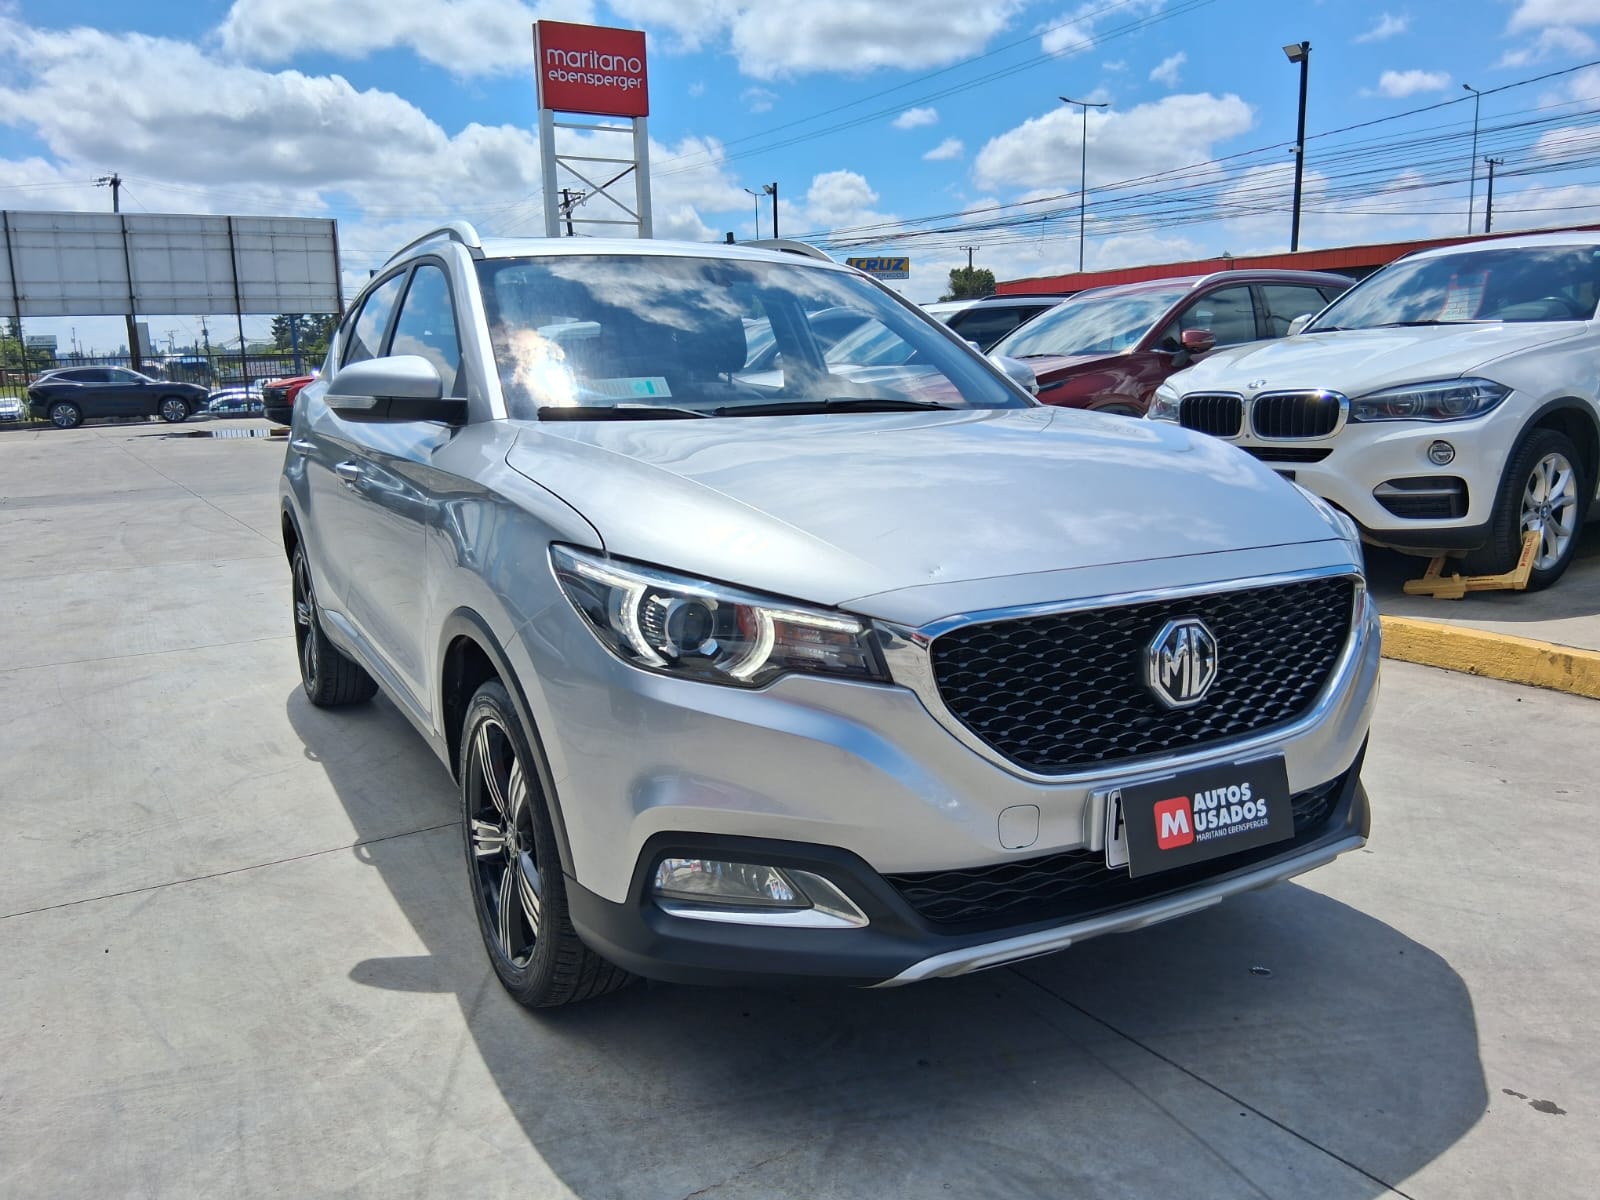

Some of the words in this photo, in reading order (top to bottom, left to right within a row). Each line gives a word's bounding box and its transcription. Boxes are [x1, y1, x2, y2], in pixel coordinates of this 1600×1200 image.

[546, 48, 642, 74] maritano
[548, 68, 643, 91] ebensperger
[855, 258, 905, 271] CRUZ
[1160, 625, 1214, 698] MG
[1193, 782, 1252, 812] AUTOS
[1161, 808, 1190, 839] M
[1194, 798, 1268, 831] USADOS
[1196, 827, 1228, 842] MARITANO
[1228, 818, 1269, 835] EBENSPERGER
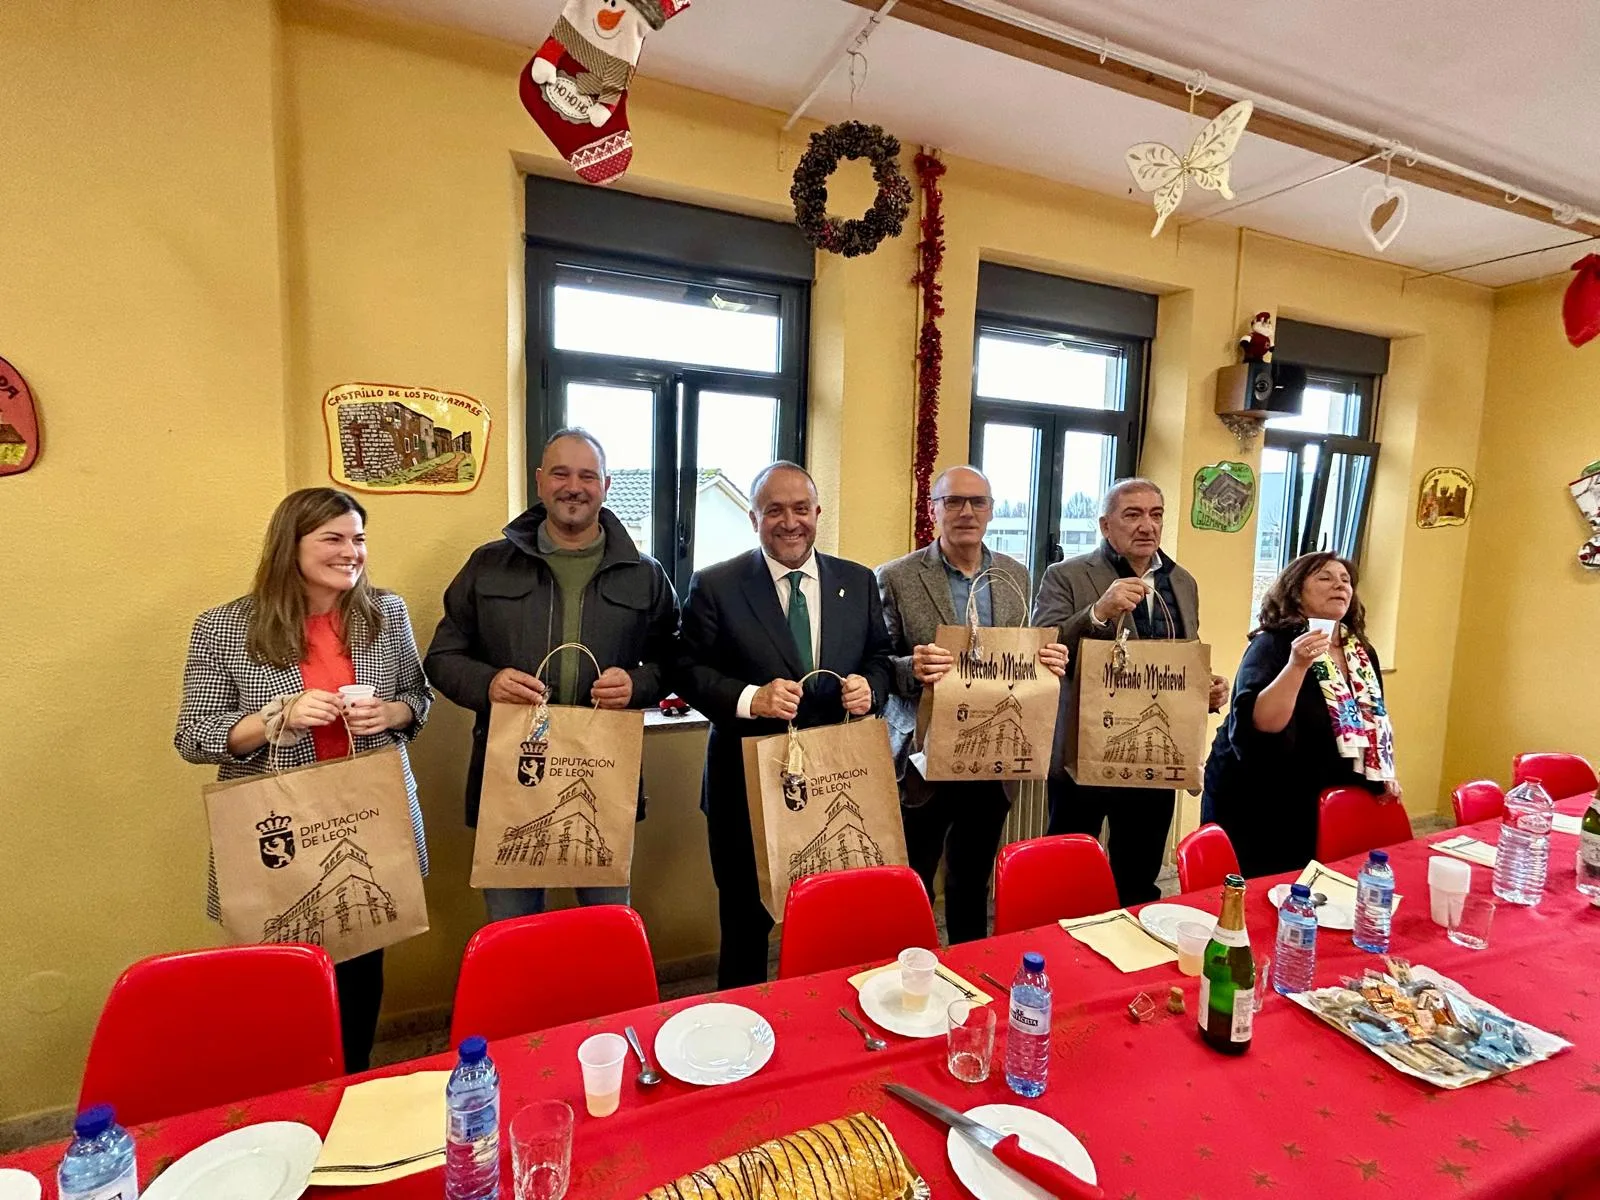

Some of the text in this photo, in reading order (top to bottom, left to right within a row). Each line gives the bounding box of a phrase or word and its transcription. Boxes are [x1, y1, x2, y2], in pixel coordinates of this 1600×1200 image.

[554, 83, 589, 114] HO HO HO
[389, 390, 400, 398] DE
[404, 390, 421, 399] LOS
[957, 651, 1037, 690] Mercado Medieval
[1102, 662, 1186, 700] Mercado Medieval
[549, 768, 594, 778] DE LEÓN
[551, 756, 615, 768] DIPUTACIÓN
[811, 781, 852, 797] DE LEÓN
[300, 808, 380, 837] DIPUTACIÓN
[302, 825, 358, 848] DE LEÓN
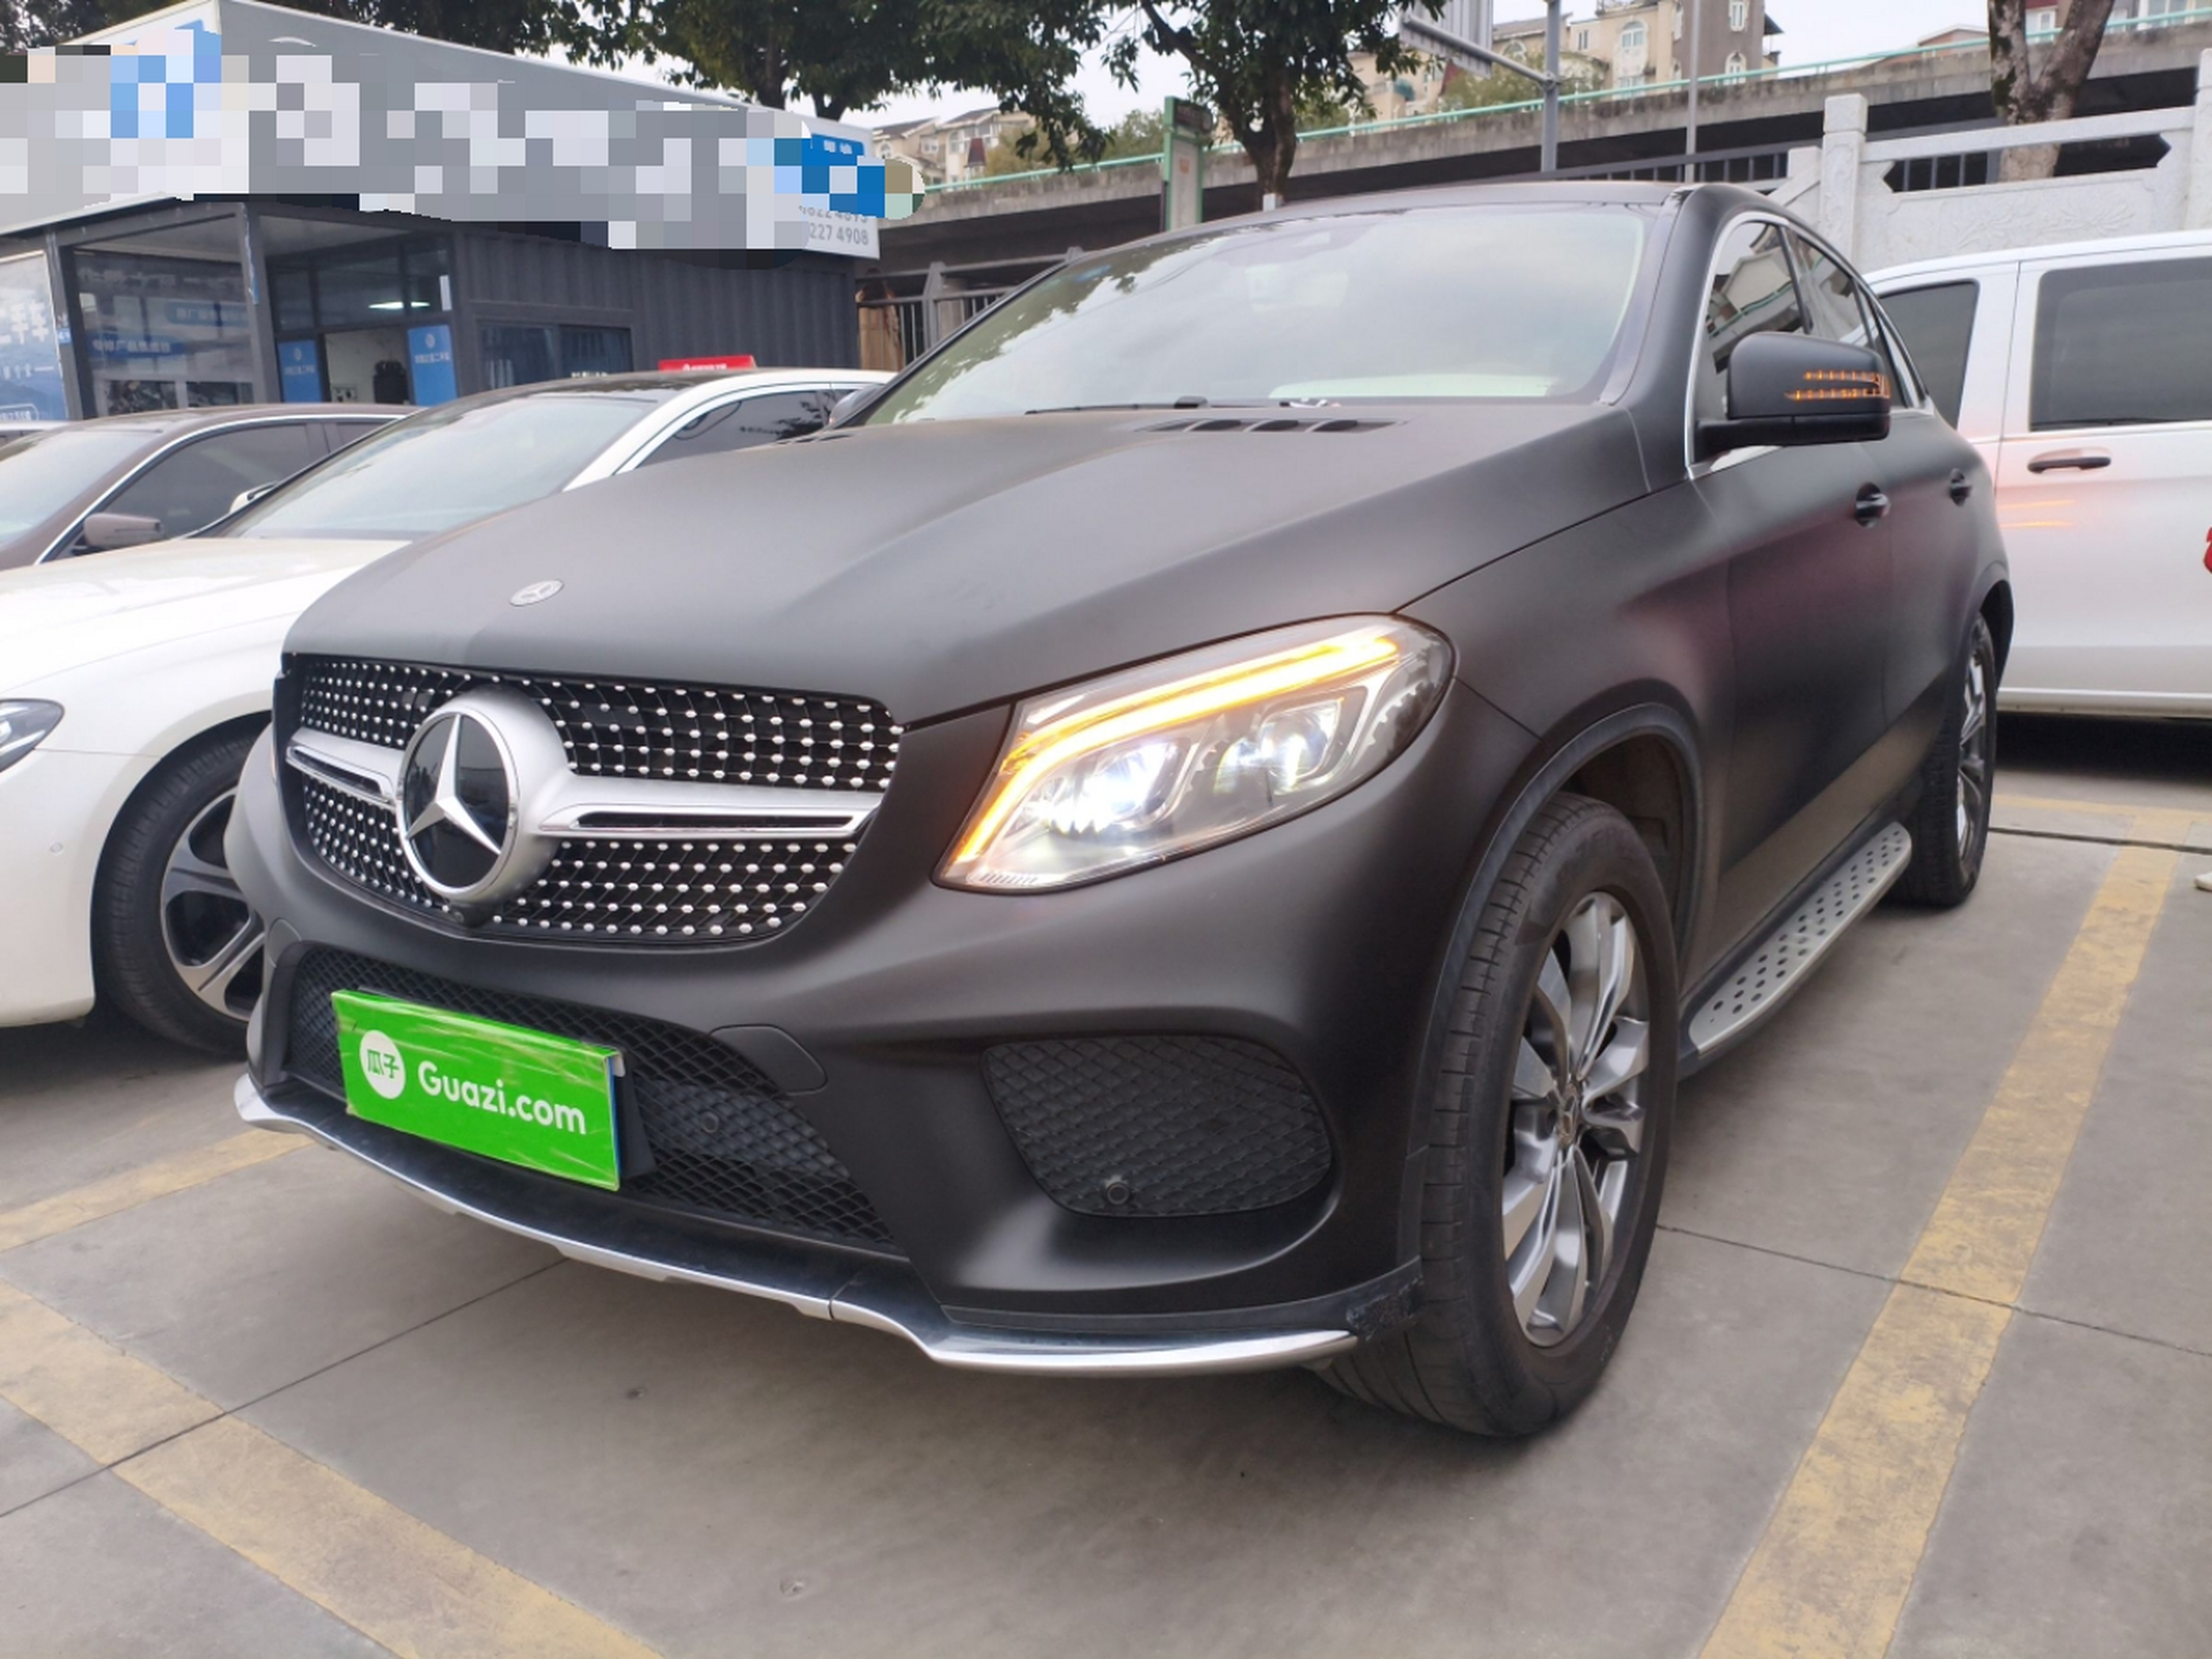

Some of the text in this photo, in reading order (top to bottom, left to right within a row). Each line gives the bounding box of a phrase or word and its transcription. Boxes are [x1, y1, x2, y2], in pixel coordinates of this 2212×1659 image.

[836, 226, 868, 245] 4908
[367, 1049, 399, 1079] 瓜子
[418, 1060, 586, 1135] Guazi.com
══════════
- [The problem]:
Include in the answer nothing but an exact repetition of the lines from the one with "this 2212×1659 image." through the end of the material.

- [Solution for this problem]:
Some of the text in this photo, in reading order (top to bottom, left to right within a row). Each line gives the bounding box of a phrase or word and its transcription. Boxes are [x1, y1, x2, y2], in pixel coordinates of this 2212×1659 image.

[836, 226, 868, 245] 4908
[367, 1049, 399, 1079] 瓜子
[418, 1060, 586, 1135] Guazi.com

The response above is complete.